- EXERCISE AIM
Leave out the pictures and retype everything else in the records below exactly.

- AVAILABLE DATA
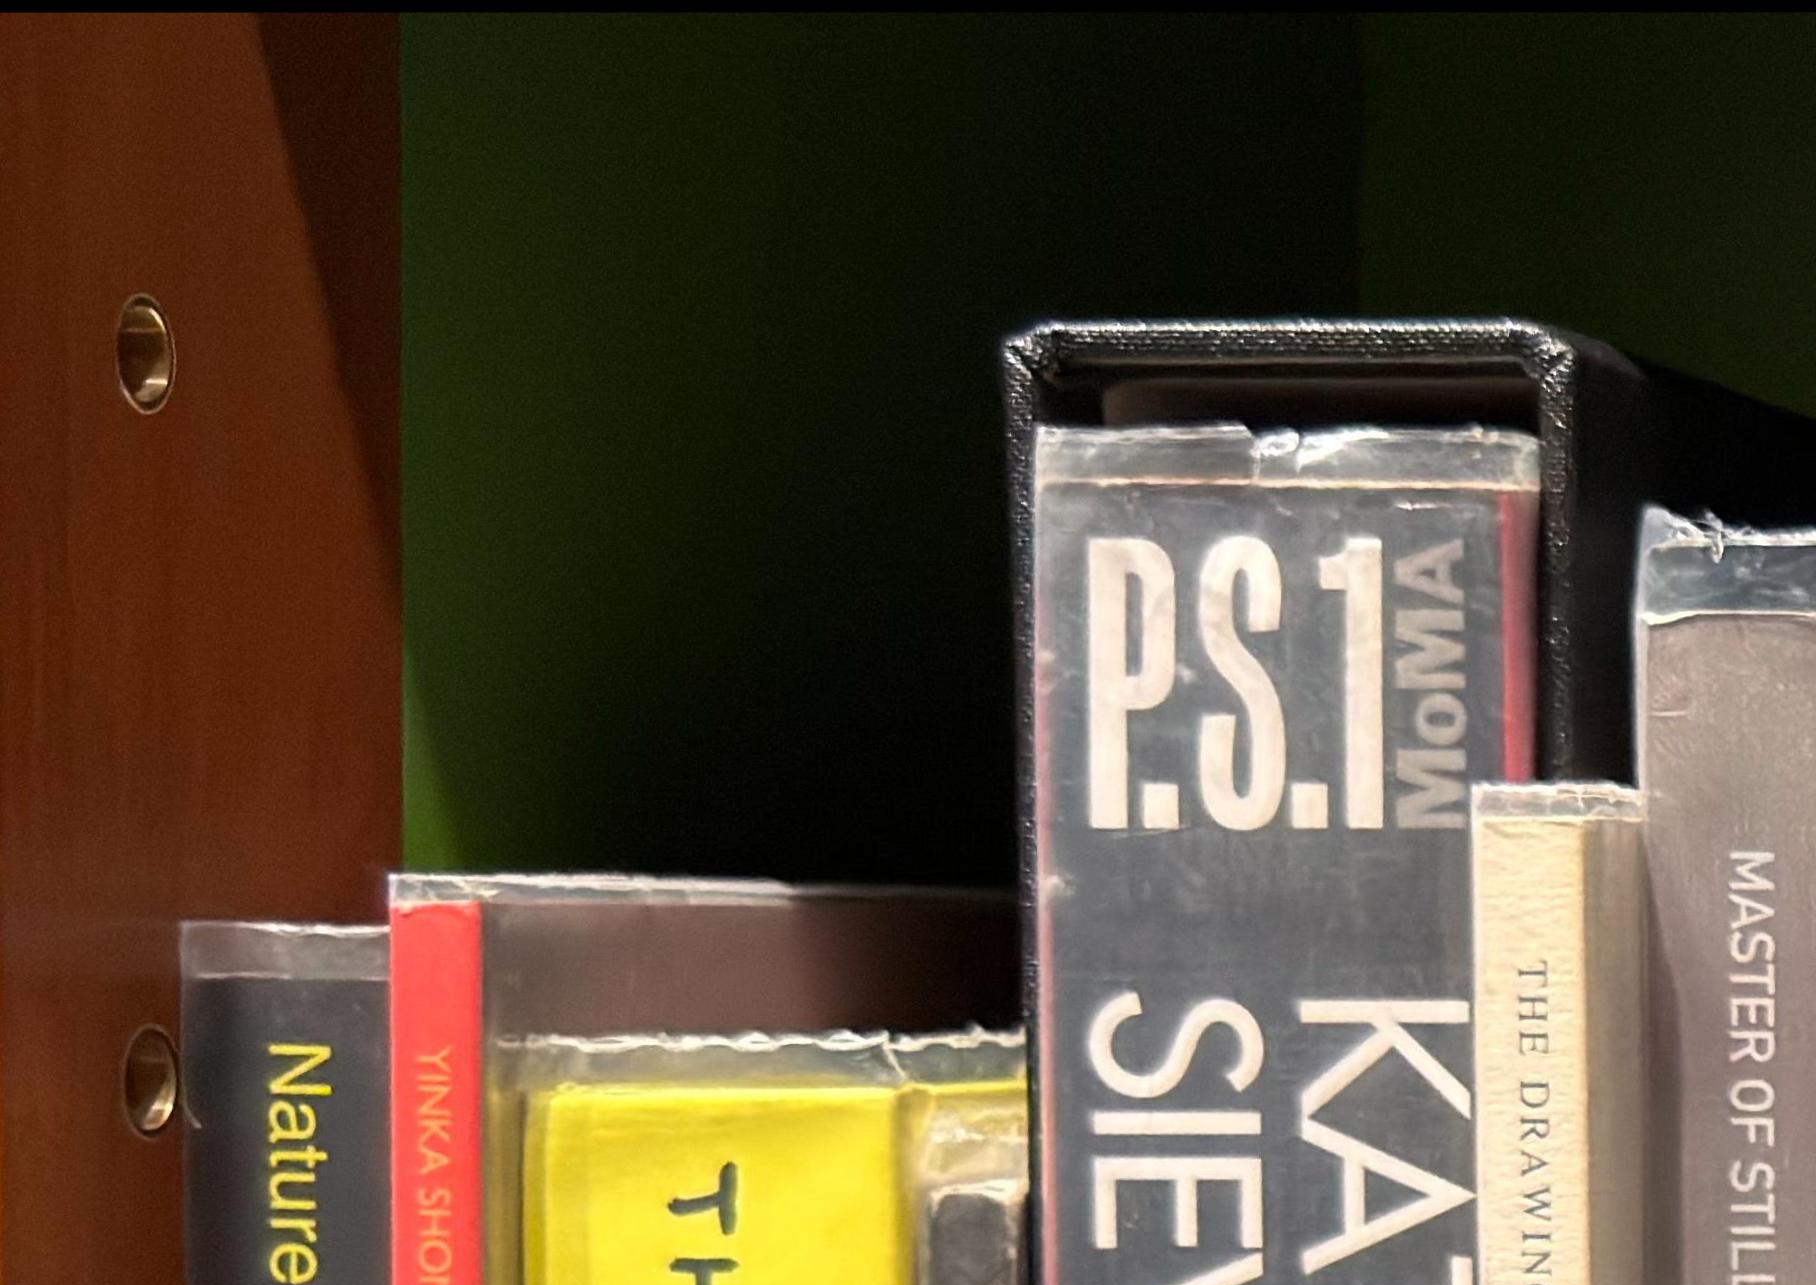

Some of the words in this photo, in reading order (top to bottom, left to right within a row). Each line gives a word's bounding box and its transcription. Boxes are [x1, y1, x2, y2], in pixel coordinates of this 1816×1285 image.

[1517, 962, 1550, 1055] THE
[1728, 850, 1775, 1062] MASTER
[268, 1040, 332, 1285] Nature
[416, 1047, 454, 1173] YINKA
[1730, 1080, 1776, 1145] OF

- WRITTEN SOLUTION
Some of the words in this photo, in reading order (top to bottom, left to right within a row). Each line gives a word's bounding box and its transcription. Boxes are [x1, y1, x2, y2], in pixel coordinates of this 1816×1285 image.

[1517, 962, 1550, 1055] THE
[1728, 850, 1775, 1062] MASTER
[268, 1040, 332, 1285] Nature
[416, 1047, 454, 1173] YINKA
[1730, 1080, 1776, 1145] OF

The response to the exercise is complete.